▼▼▼

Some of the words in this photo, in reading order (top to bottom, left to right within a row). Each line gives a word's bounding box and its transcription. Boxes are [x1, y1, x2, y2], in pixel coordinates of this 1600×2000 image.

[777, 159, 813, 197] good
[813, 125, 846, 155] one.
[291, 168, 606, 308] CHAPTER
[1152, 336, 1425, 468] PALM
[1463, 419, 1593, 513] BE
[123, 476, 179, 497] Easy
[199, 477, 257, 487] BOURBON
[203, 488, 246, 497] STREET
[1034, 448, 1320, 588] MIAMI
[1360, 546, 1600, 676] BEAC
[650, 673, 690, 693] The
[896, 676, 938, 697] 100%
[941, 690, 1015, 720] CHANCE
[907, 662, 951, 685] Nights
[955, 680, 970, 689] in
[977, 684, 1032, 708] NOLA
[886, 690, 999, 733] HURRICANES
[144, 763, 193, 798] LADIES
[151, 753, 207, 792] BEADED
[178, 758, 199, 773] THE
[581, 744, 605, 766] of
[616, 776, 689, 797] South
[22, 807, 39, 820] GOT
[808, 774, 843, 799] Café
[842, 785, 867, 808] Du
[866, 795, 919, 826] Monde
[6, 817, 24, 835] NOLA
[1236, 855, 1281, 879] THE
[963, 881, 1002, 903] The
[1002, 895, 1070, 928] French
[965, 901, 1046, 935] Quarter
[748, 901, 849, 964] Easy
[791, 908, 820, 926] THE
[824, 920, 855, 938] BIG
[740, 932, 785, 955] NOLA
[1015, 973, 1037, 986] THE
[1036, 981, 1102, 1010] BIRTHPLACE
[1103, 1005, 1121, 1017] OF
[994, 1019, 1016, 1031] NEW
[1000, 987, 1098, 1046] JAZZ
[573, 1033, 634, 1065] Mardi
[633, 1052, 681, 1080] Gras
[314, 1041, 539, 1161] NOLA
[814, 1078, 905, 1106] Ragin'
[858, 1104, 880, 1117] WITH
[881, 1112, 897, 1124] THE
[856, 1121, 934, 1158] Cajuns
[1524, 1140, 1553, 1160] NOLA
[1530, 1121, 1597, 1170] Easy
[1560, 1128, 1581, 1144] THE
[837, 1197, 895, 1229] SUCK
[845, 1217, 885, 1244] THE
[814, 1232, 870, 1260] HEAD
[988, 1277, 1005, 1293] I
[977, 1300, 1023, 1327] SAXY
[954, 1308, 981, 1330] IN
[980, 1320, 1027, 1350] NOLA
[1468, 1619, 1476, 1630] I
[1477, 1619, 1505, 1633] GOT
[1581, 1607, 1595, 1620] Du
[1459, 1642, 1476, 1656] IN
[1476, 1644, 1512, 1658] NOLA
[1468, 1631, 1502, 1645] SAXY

▲▲▲

* _REQUIREMENT_
Extract each line from the listing that holds the word "Easy".

* _ANSWER TO THE EXERCISE_
[123, 476, 179, 497] Easy
[748, 901, 849, 964] Easy
[1530, 1121, 1597, 1170] Easy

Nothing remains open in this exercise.